12:25 El que ama su vida,
la pierde; y el que odia su vida en este mundo, la guardará
para una vida eterna.
12:26 Si alguno me sirve,
que me siga, y donde yo esté, allí estará también mi
servidor. Si alguno me sirve, el Padre le honrará.
12:27 Ahora mi alma está
turbada. Y ¿que voy a decir? ¡Padre, líbrame de esta hora!

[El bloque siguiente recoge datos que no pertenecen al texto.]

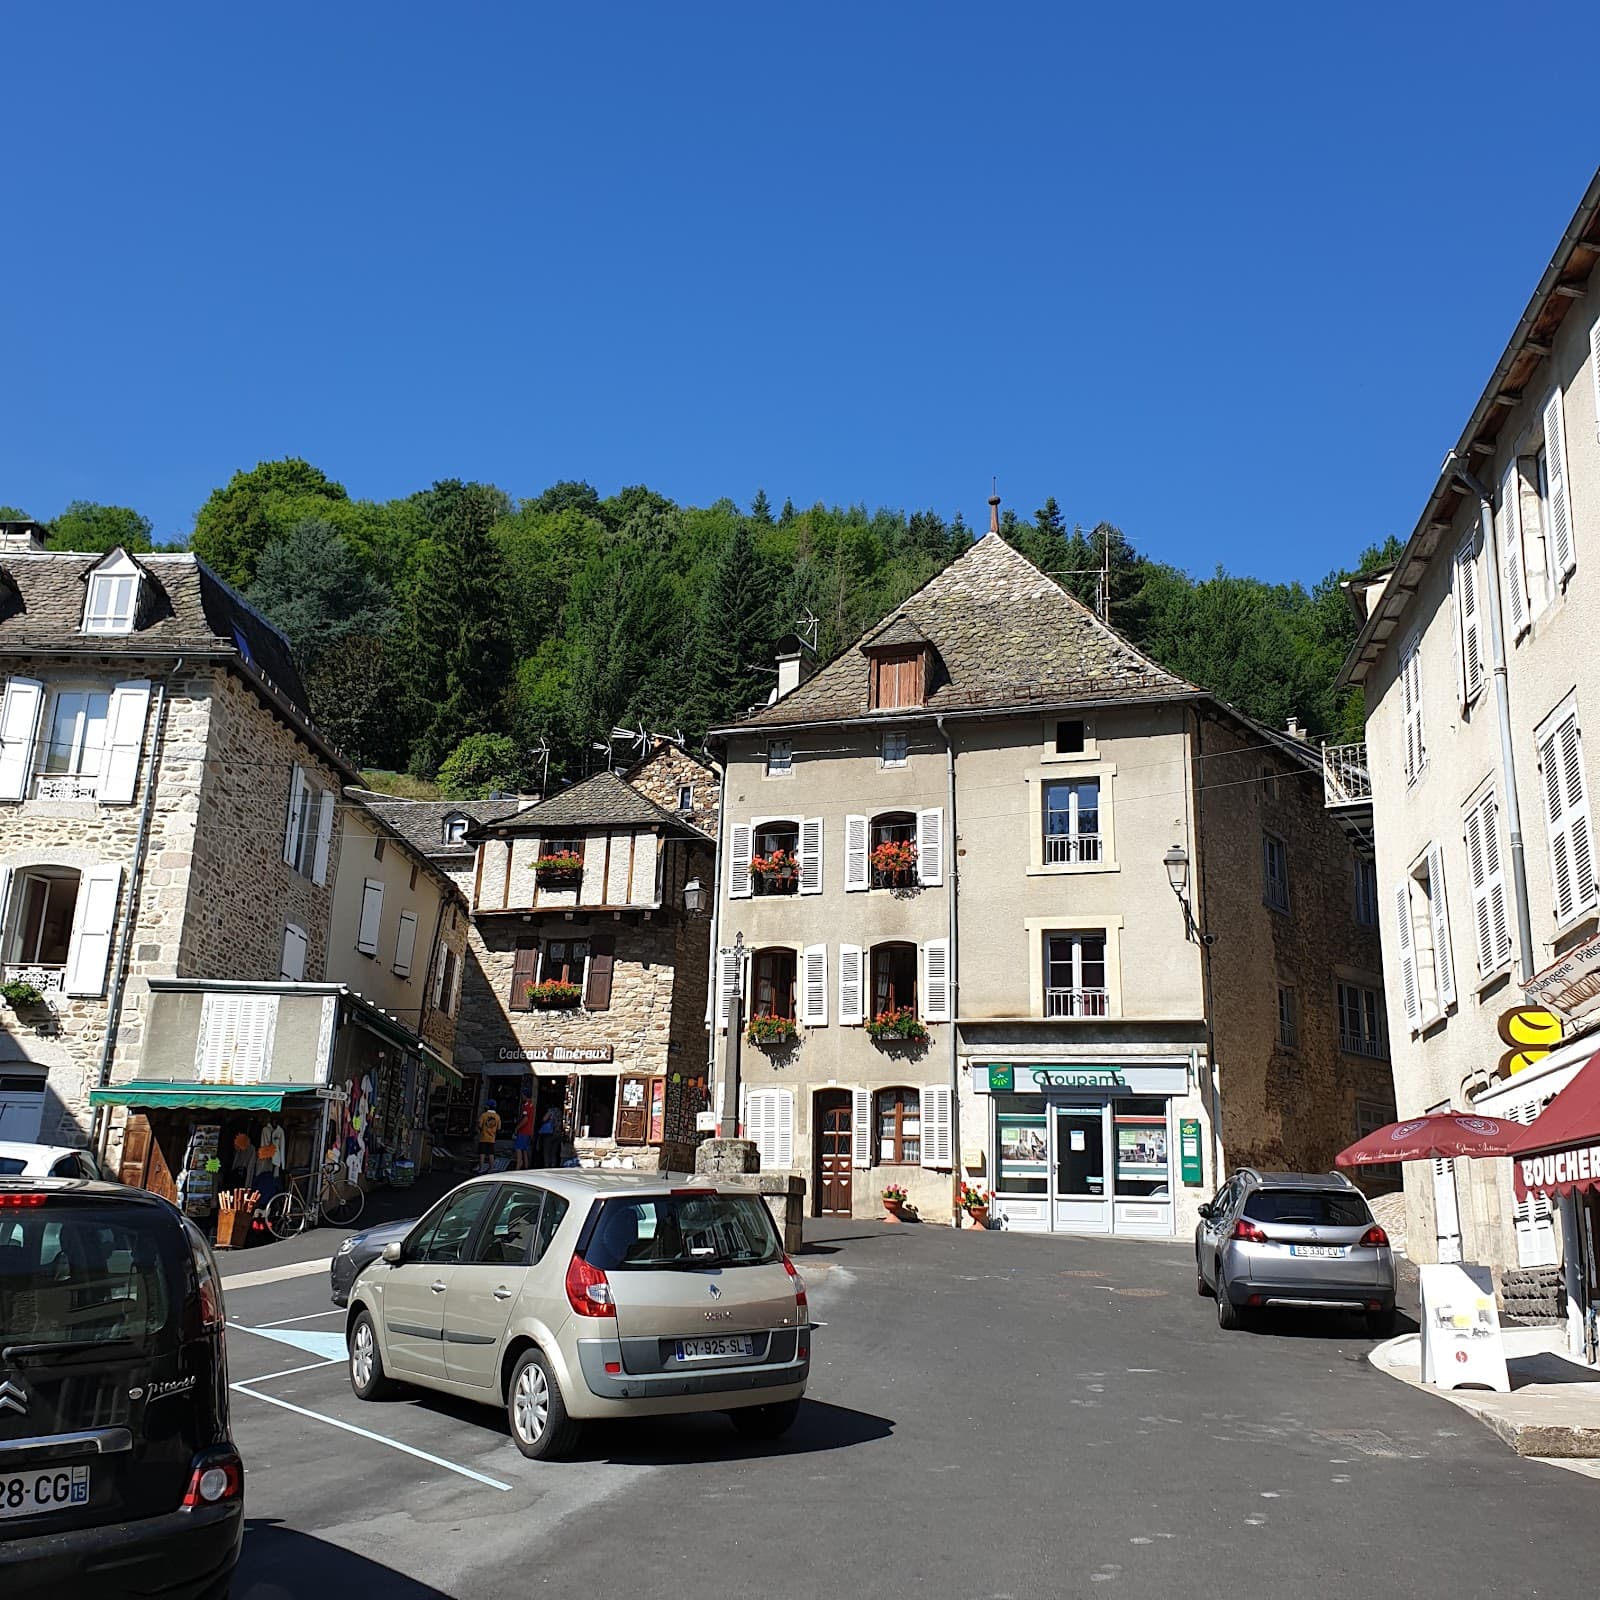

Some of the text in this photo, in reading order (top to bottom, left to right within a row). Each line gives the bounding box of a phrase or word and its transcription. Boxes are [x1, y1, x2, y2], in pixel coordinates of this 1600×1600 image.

Pero ¡si he llegado a esta hora para esto!
12:28 Padre, glorifica tu
Nombre.» Vino entonces una voz del cielo: «Le he glorificado y
de nuevo le glorificaré.»
12:29 La gente que estaba
allí y lo oyó decía que había sido un trueno. Otros decían:
«Le ha hablado un ángel.»
12:30 Jesús respondió:
«No ha venido esta voz por mí, sino por vosotros.
12:31 Ahora es el juicio
de este mundo; ahora el Príncipe de este mundo será echado
fuera.
12:32 Y yo cuando sea
levando de la tierra, atraeré a todos hacia mí.»
12:33 Decía esto para
significar de qué muerte iba a morir.
12:34 La gente le respondió:
«Nosotros sabemos por la Ley que el Cristo permanece para
siempre. ¿Cómo dices tú que es preciso que el Hijo del hombre
sea levantado? ¿Quién es ese Hijo del hombre?»
12:35 Jesús les dijo: «Todavía,
por un poco de tiempo, está la luz entre vosotros. Caminad
mientras tenéis la luz, para que no os sorprendan las
tinieblas; el que camina en tinieblas, no sabe a dónde va.
12:36 Mientras tenéis la
luz, creed en la luz, para que seáis hijos de luz.» Dicho
esto, se marchó Jesús y se ocultó de ellos.